Perhaps there are homes in two or more price ranges. If so, you may only want to farm the higher price range area. The point is to do enough research to know that you're about to be marketing to a viable audience who you would want listing or be buying through you.

Quantify Your Market

OK, now you do a count or go to a database or mailing list marketer to determine the size of your marketing target. This is necessary for budgeting. Perhaps you'll even want to refine your target more carefully if your audience is too big for your budget. 

Know Your Market and What Will Work

Now that you have your list and you know something about them, who are they and are there commonalities other than just where they live? Is the area full of retirees or empty nesters? Or are the majority of residents younger families? If it's a mix, then a general marketing plan and campaign will be fine. Maybe it's a mix, but only two major groups, such as young families and middle life career people.

Statistics Always Work

No matter what you may find for common ground, the one thing everybody always wants to know about is how their home looks in the current market. Even if they aren't thinking of selling, they like to keep up with what their home is probably worth in the current market climate. 

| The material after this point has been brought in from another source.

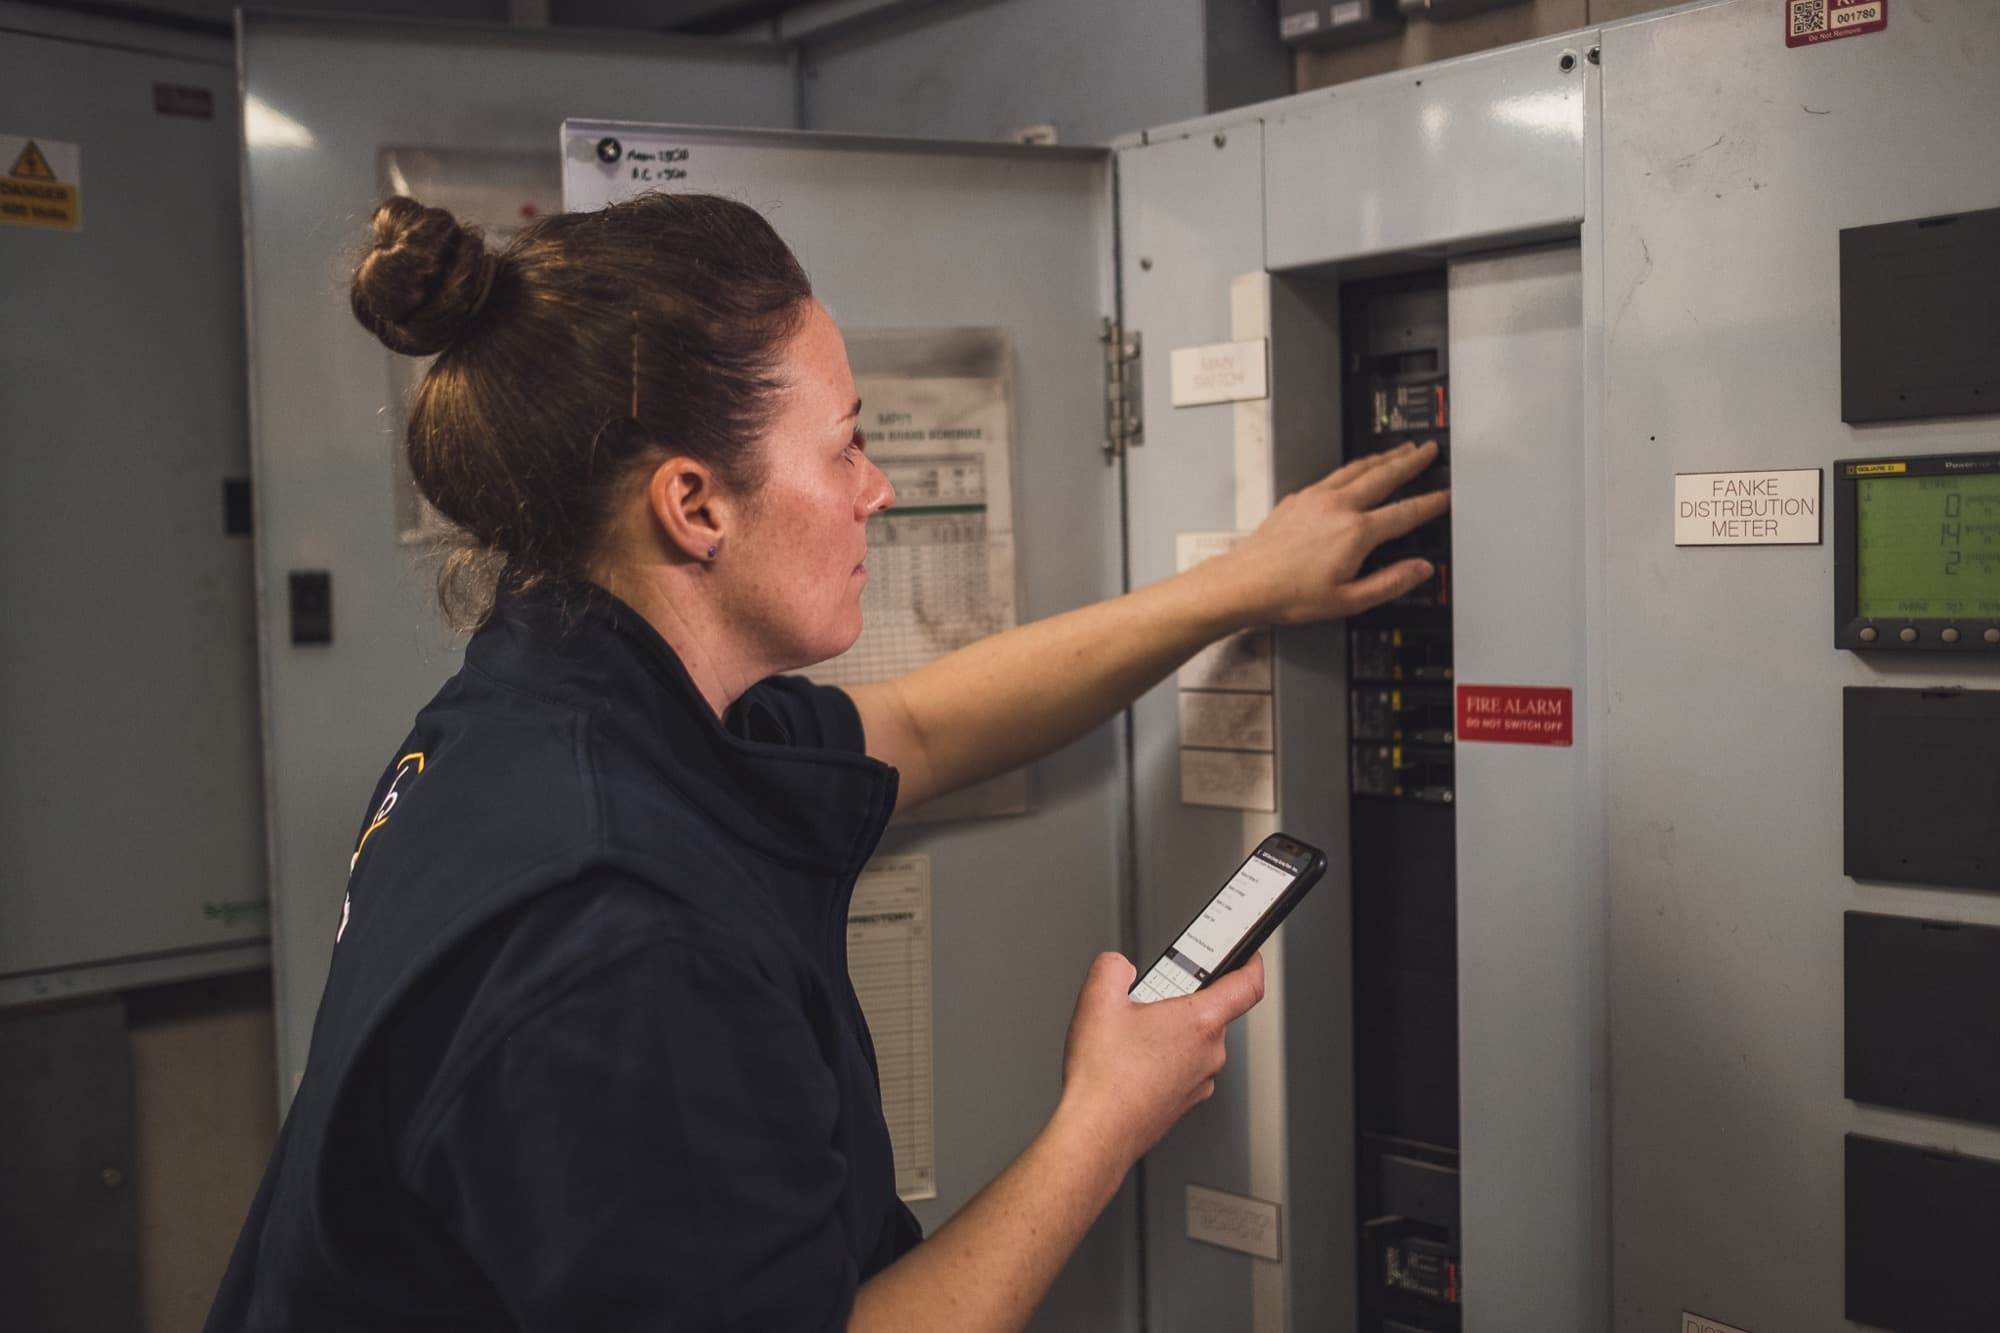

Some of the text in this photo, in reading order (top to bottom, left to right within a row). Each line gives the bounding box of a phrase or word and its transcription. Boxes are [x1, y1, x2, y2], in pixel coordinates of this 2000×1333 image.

Go to your MLS and check out the type of reports you can output. There should be sold property reports by time frame. If you're going to do a mailer, postcard, letter or email newsletter, you can position yourself as the local expert with statistics.

Tease with a link. If you want leads, sure put your phone number and contact info on all mailers. But, if you want to get them to your website and work them as productive leads, give them a few stats in your mailer and give them a simple link they can type in to get to the full report page on your site. There you do yet another expansion and offering.

Take them to the full report. Then offer them a monthly or quarterly report via email if they'll sign up. The ones with the greatest interest will, as they'll want the information without having to go to the site again to get it. This is how you move your mailer recipients to your website and then into your CRM, Customer Relationship Management System.

You can send out postcards with your newest listing, but for the long haul and the most leads, use this plan and statistics. You'll be glad you did.